We laugh about these great people and how wrong their vision was but we mustn't forget that these same people went on to change their minds and provide the foundation for one of the most

profound changes in society in the entire 20th century, the Computer Revolution.

If they had faults, it is that their dreams were not big enough, bold enough or soaring enough.

The one constant that they demonstrate is that change always catches us unaware.

That's why the ultimate goal of education is not the relentless stuffing of facts into young brains, but the careful cultivation of minds and instruction in the process of critical thinking. I'm sure Bill Gates made a good portion of his technical college classes obsolete within a few years after he left Harvard. I saw in the newspaper just the other day that the powers-that-be are now considering revising Einstein's legendary E=Mc2 to reflect more current knowledge.

This doesn't mean that facts are unimportant. Oh, no, your children aren't getting off that easy. Facts are critical building blocks of logical and analytical thinking. And that is what we strive to teach.

But as we begin a new year, it's perhaps useful to remind ourselves of some things that often get in the way of that goal.

I'm talking about over-testing, about an undue reliance on what is essentially a snapshot of a particular student on a particular day (What? You say Johnny had the flu that day?) Despite what some federal and state officials say, educators know that over-testing hurts the educational process and fails to recognize the whole student.

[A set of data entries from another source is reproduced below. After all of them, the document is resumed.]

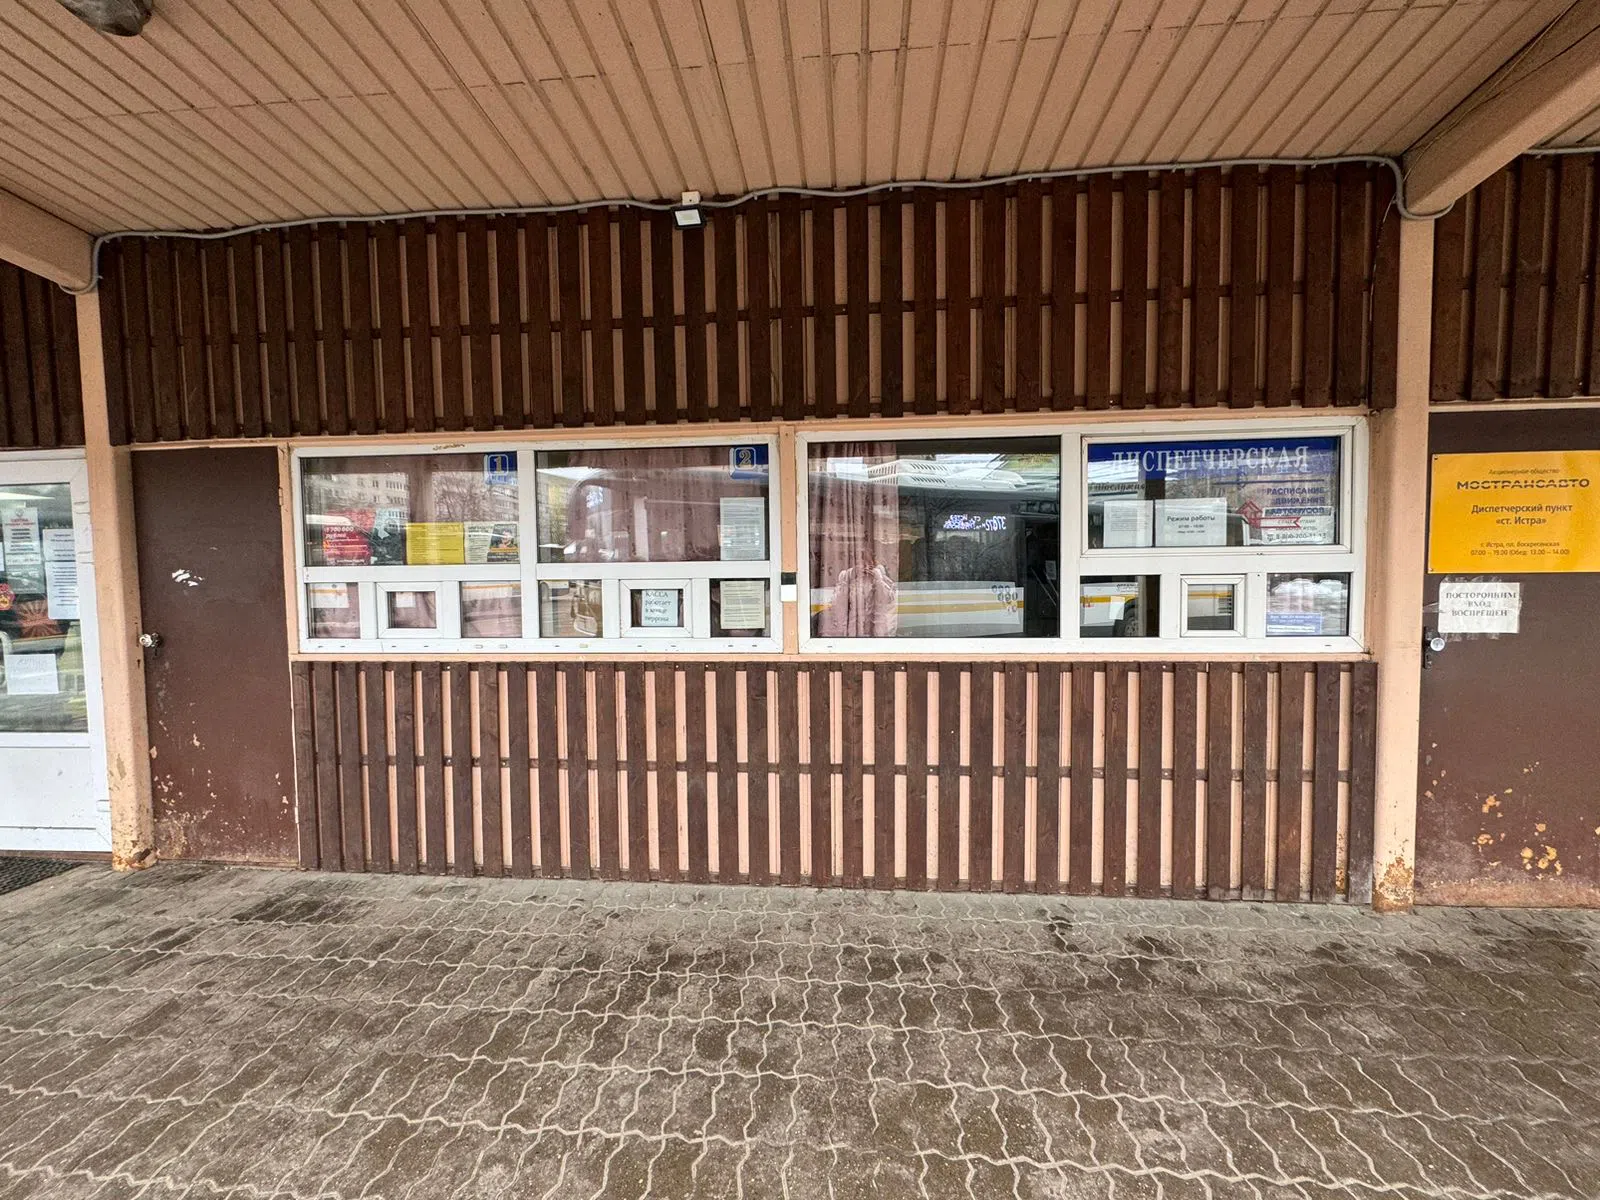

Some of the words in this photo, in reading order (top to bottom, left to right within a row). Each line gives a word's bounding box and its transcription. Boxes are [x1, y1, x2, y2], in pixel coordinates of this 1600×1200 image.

[738, 448, 752, 468] 2
[1111, 446, 1310, 473] ДИСПЕТЧЕРСКАЯ
[493, 455, 505, 474] 1
[1456, 478, 1590, 490] МОСТРАНСАВТО
[1266, 487, 1325, 495] РАСПИСАНИЕ
[1471, 504, 1543, 515] Диспетчерский
[1545, 504, 1573, 514] пункт
[1166, 515, 1190, 523] Режим
[1191, 514, 1216, 523] работы
[1495, 517, 1512, 525] «ст.
[1514, 516, 1547, 527] Истра»
[645, 590, 669, 598] КАССА
[1451, 609, 1508, 617] ВОСПРЕЩЕН

I'm talking about making sure that the few don't disrupt the educational processes of the many. I'm talking about the need for fair and consistent discipline in our schools and in our classrooms as a bulwark to assure that the non-troublemakers get the education they want and their parents expect. Discipline in Farmingdale is mostly fine. But there are a few bad apples and parents expect us to weed them out. Parents need to get involved in the process and take responsibility for children who act out and to demand that those who do act out are not permitted to adversely affect the education of others. (Your right to express yourself stops at my nose.)

I'm talking about parents and teachers working together to instill the joy of learning, the joy of lifetime learning so that education and critical thinking can help the future Bill Gateses and Tom Watsons and Ken Olsons change their minds when the facts change --- yet retain a clear vision of which way they want to head. We have a lot to be proud about and we need to continue to build on our strengths.

As H. M. Warner, founder of Warner Brothers Studio, said in 1927, "Who the hell wants to hear actors talk?"

Happy New Year!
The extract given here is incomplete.